Gentoo Archives: gentoo-dev

From: Angelo Arrifano <miknix@g.o>
To: gentoo-dev@l.g.o
Subject: Re: [gentoo-dev] [RFC][NEW] Utility to find orphaned files
Date: Sun, 25 Apr 2010 17:10:38
Message-Id: 4BD47770.8050308@gentoo.org
In Reply to: Re: [gentoo-dev] [RFC][NEW] Utility to find orphaned files by Yuri Vasilevski
1 On 25-04-2010 17:34, Yuri Vasilevski wrote:
2 > Hello,
3 >
4 > On Sun, 25 Apr 2010 13:18:25 +0200
5 > Angelo Arrifano <miknix@g.o> wrote:
6 >
7 >> Hello developers developers and developers,
8 >>
9 >> Ever wondered how much crap is left in your X-years old Gentoo box?
10 >>
11 >> I just developed a python utility to efficiently find orphaned files
12 >> in the system.
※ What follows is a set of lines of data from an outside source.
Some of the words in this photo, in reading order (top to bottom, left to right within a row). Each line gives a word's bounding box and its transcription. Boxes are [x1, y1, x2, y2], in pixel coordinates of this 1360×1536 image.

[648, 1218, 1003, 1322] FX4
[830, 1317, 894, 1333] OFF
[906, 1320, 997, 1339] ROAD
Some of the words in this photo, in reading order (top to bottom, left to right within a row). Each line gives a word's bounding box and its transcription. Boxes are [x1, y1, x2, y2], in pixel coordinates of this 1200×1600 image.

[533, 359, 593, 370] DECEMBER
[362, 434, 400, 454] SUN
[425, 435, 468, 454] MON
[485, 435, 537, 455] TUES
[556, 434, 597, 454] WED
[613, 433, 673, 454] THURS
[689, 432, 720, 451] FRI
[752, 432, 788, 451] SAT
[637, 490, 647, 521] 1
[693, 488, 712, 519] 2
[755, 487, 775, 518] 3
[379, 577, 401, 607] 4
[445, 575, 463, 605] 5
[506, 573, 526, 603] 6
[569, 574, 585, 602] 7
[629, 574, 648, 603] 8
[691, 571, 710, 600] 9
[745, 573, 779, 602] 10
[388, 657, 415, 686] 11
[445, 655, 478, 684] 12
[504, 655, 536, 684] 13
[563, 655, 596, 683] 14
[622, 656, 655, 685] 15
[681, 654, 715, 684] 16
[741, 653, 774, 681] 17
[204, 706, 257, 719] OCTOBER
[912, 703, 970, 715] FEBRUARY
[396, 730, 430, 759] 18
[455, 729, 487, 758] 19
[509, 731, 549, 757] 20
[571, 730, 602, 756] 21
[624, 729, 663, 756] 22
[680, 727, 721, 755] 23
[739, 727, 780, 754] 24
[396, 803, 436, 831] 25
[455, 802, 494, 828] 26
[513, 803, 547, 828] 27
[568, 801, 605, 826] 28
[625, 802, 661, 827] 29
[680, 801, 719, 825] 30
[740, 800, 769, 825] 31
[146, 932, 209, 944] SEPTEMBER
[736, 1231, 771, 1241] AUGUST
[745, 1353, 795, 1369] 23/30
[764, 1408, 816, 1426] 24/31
By orphaned files I mean the files that are present on
13 >> system directories and don't belong to any installed package.
14 >>
15 >> The package builds a virtual filesystem (cache) on the RAM using
16 >> python hash tables. Then it uses the cache to find the ownership of
17 >> files inside user-specified dirs.
18 >>
19 >> Building the cache takes less than 10 seconds here in a system with
20 >> 1366 installed packages.
21 >>
22 >> This is not intended to be a finished program yet, I'm looking forward
23 >> for your constructive commentaries.
24 >
25 > There is a tool that does that, qfile from app-portage/portage-utils.
26 > Check the "-o, --orphans * List orphan files" option.
27 >
28 > It's not as straight forward as it could be, as it checks only for
29 > files specified as arguments or read from file.
30 >
31 > But you can trivially use it like:
32 > # find /dir/you/want/to/check/for/orphans | qfile -o -f -
33 >
34 > Best,
35 > Yuri.
36 >
37
38 Based on the comments so far, I'll try to make my PoC a better tool.
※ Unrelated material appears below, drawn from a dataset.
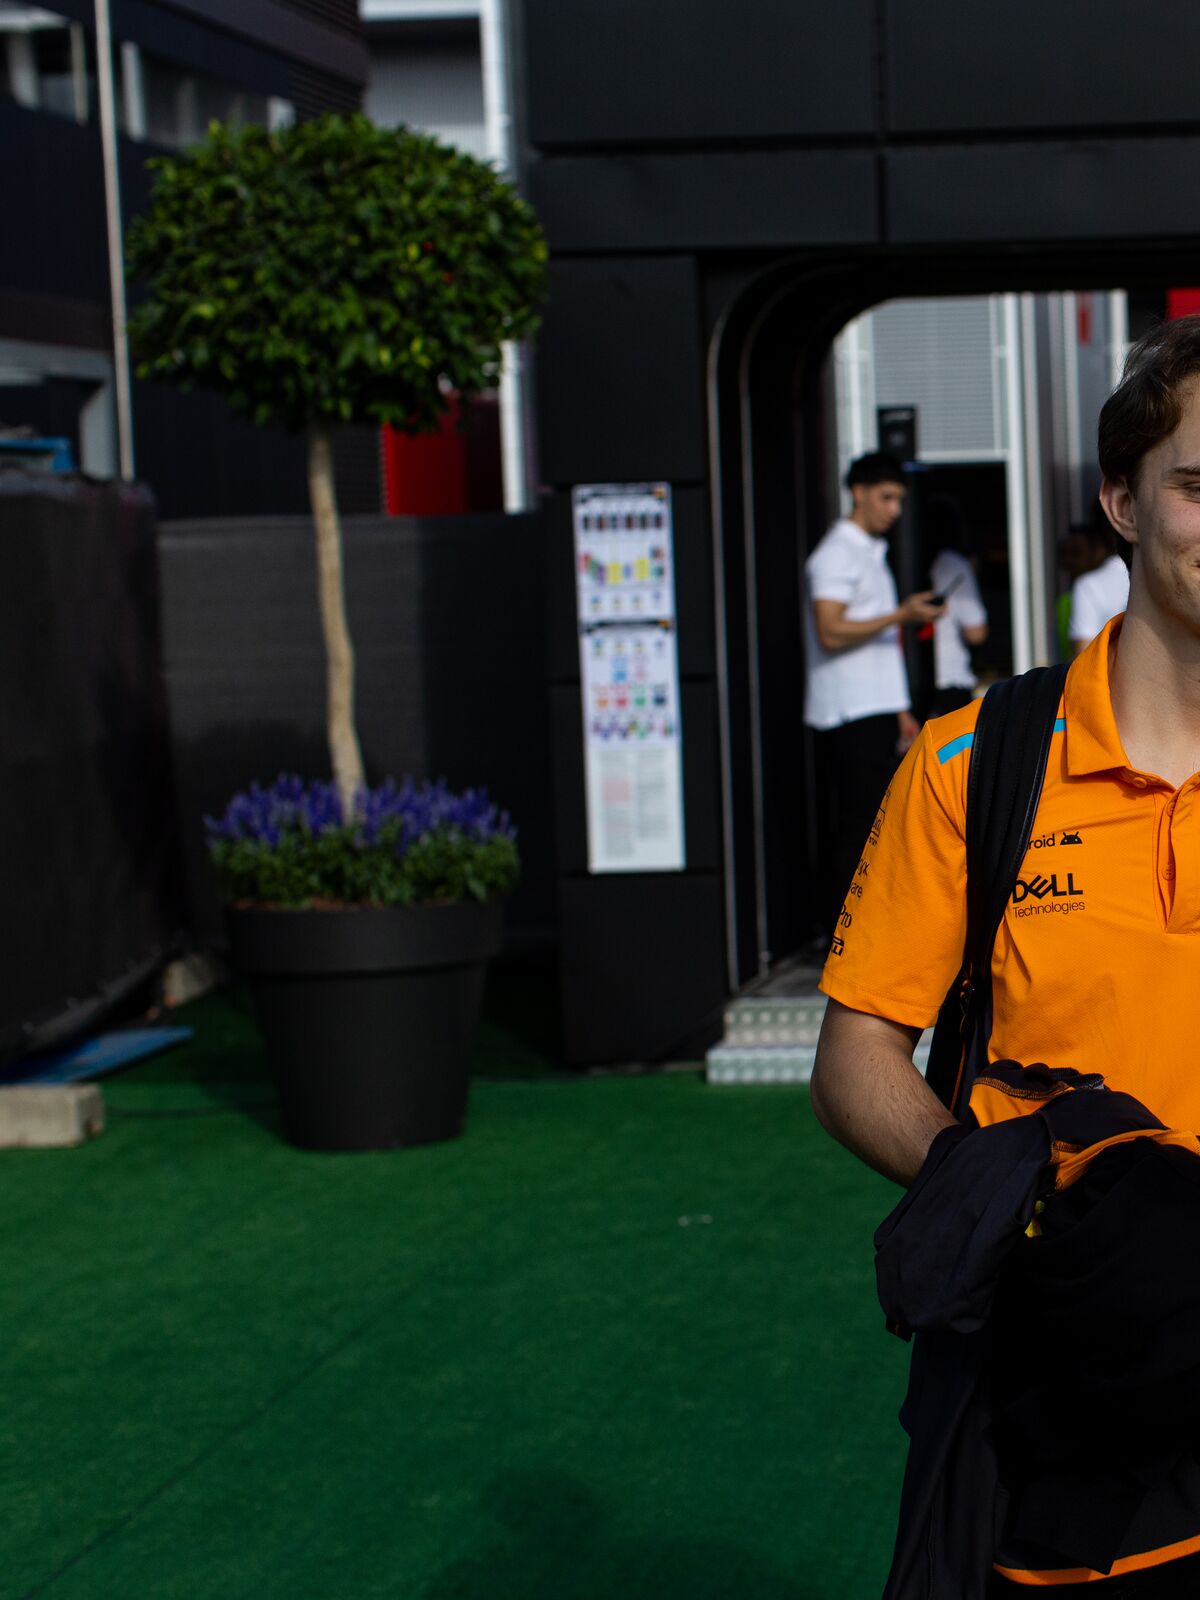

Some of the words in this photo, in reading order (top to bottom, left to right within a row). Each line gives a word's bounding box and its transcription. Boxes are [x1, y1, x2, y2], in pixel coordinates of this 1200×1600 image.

39 My primary objective is to make this some kind of disk cleanup utility
40 for Gentoo boxens. I don't expect Gentoo systems to be *that* polluted
41 but sometimes we all have to do ugly things to fix broken systems real
42 fast. - If you know what I mean.
43
44 There are other things that came to my mind, like using stored hashes to
45 check the system files integrity (as in security).
46
47 My next steps in regard to this utility will be:
48 * Follow harring suggestion and use available PM API.
49 * Make the application handle symlinks so we start getting a more
50 informative output.
51 * To store the generated cache on disk and to only regenerate it if needed.
52
53 Regards,
54 - Angelo